* [Activity]: Exactly the lines from the one that holds "this 1600×1067 image." to the end of the data below: retype these and nothing else.

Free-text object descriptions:
────────────────
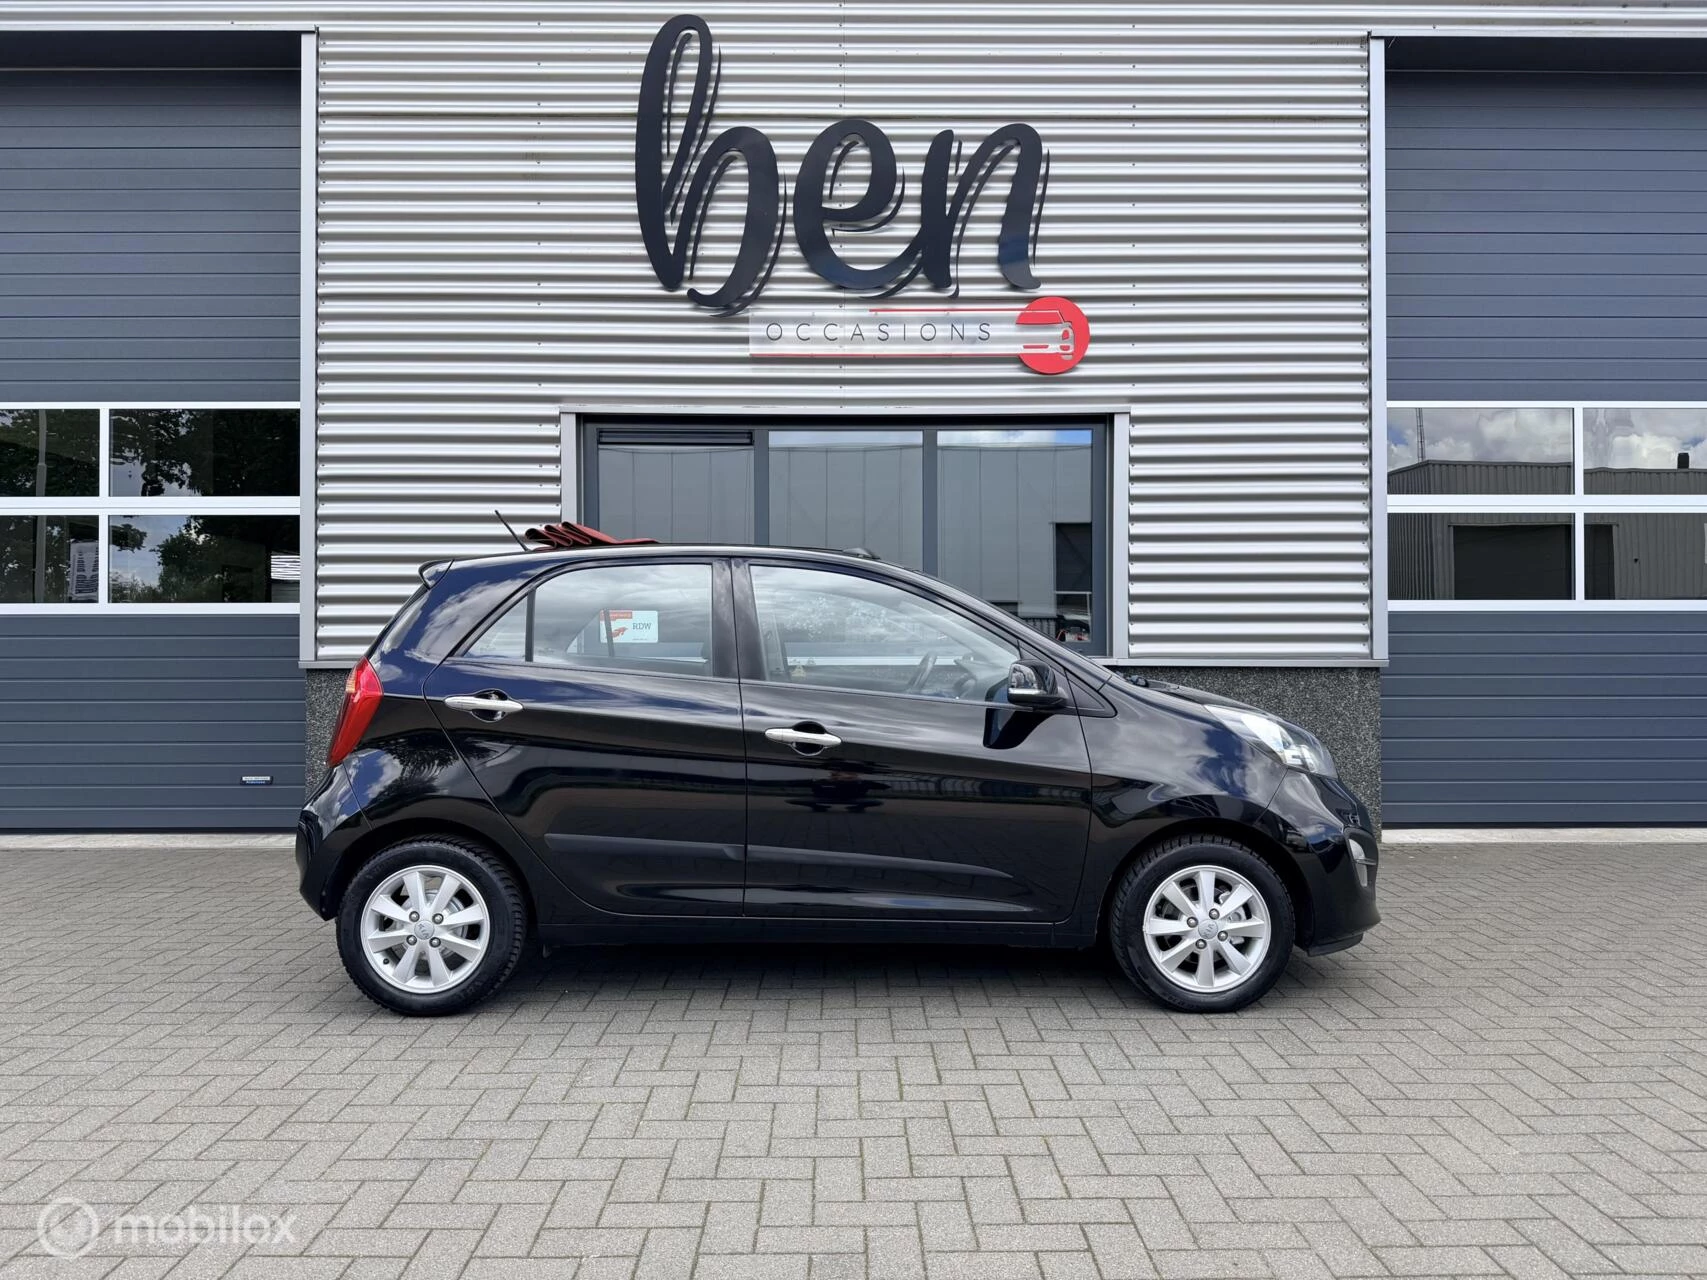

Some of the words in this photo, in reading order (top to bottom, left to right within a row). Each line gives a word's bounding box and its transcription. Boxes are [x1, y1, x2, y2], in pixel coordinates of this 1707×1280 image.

[635, 14, 1050, 317] ben
[765, 322, 991, 342] OCCASIONS
[631, 622, 652, 631] RDW
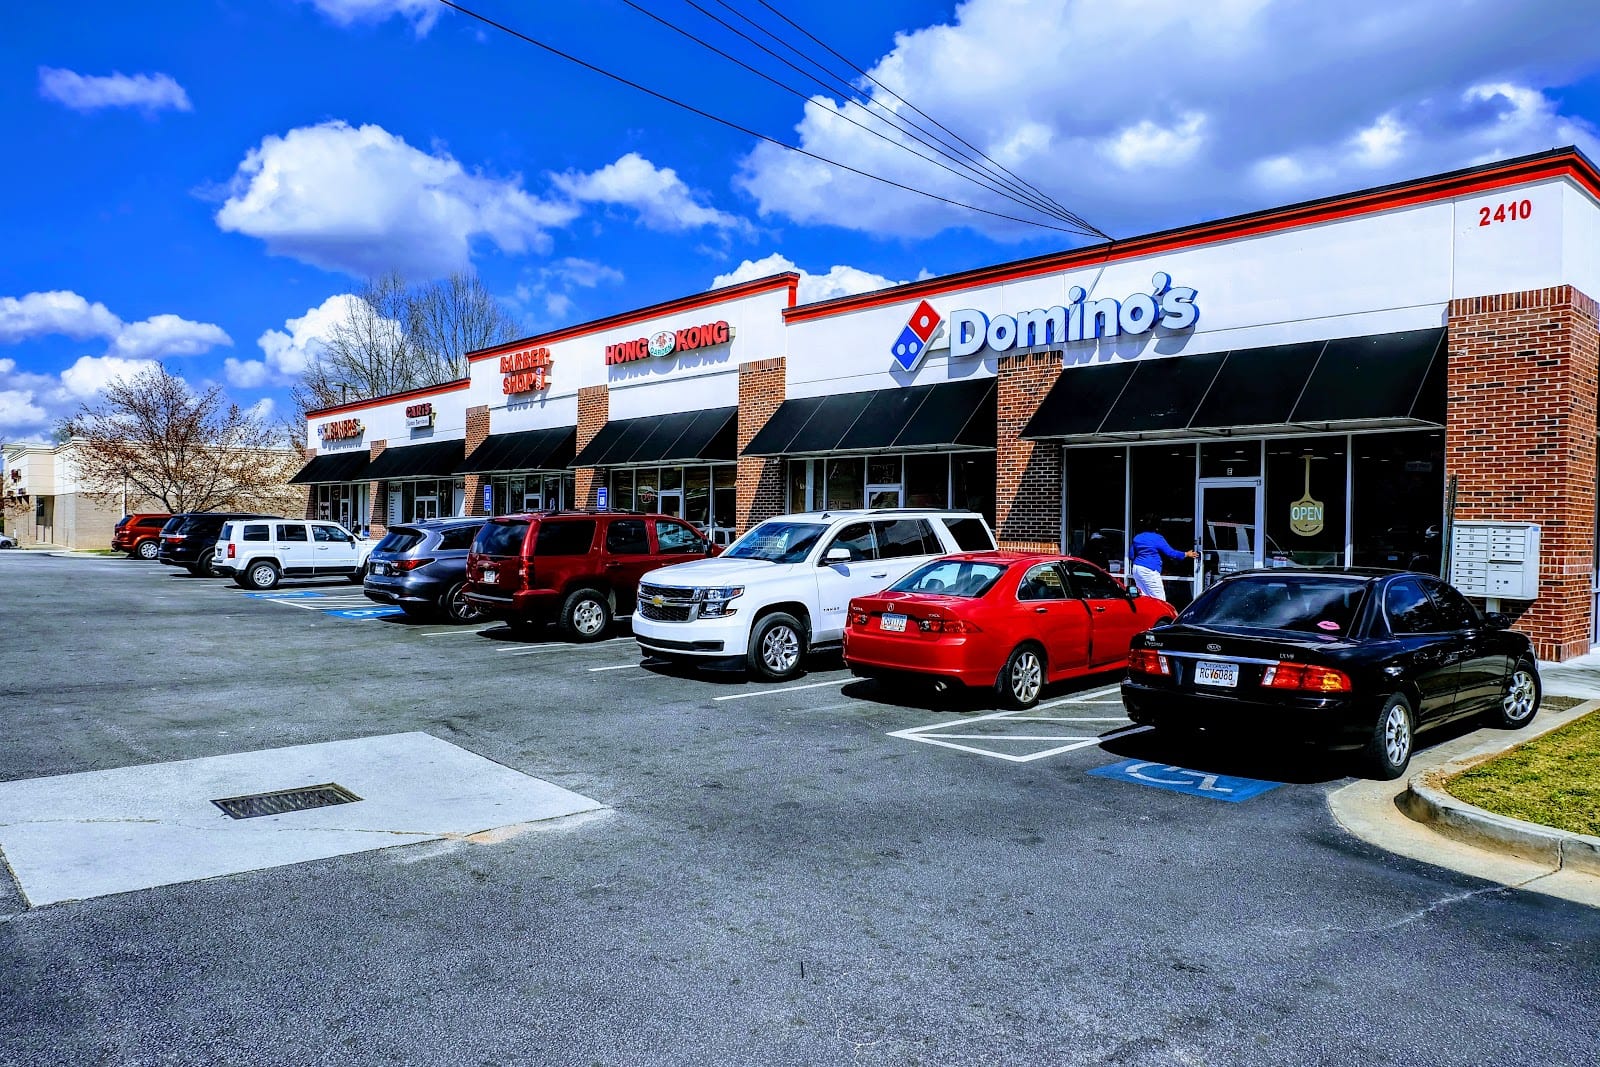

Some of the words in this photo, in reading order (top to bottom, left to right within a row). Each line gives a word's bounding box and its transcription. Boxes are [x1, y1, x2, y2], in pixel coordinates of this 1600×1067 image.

[1479, 199, 1532, 227] 2410
[950, 271, 1199, 358] Domino's
[605, 337, 649, 366] HONG
[675, 320, 730, 352] KONG
[500, 347, 550, 373] BARBER
[503, 372, 537, 394] SHOP
[1291, 506, 1323, 521] OPEN
────────────────
* [Output of the exercise]:
Some of the words in this photo, in reading order (top to bottom, left to right within a row). Each line gives a word's bounding box and its transcription. Boxes are [x1, y1, x2, y2], in pixel coordinates of this 1600×1067 image.

[1479, 199, 1532, 227] 2410
[950, 271, 1199, 358] Domino's
[605, 337, 649, 366] HONG
[675, 320, 730, 352] KONG
[500, 347, 550, 373] BARBER
[503, 372, 537, 394] SHOP
[1291, 506, 1323, 521] OPEN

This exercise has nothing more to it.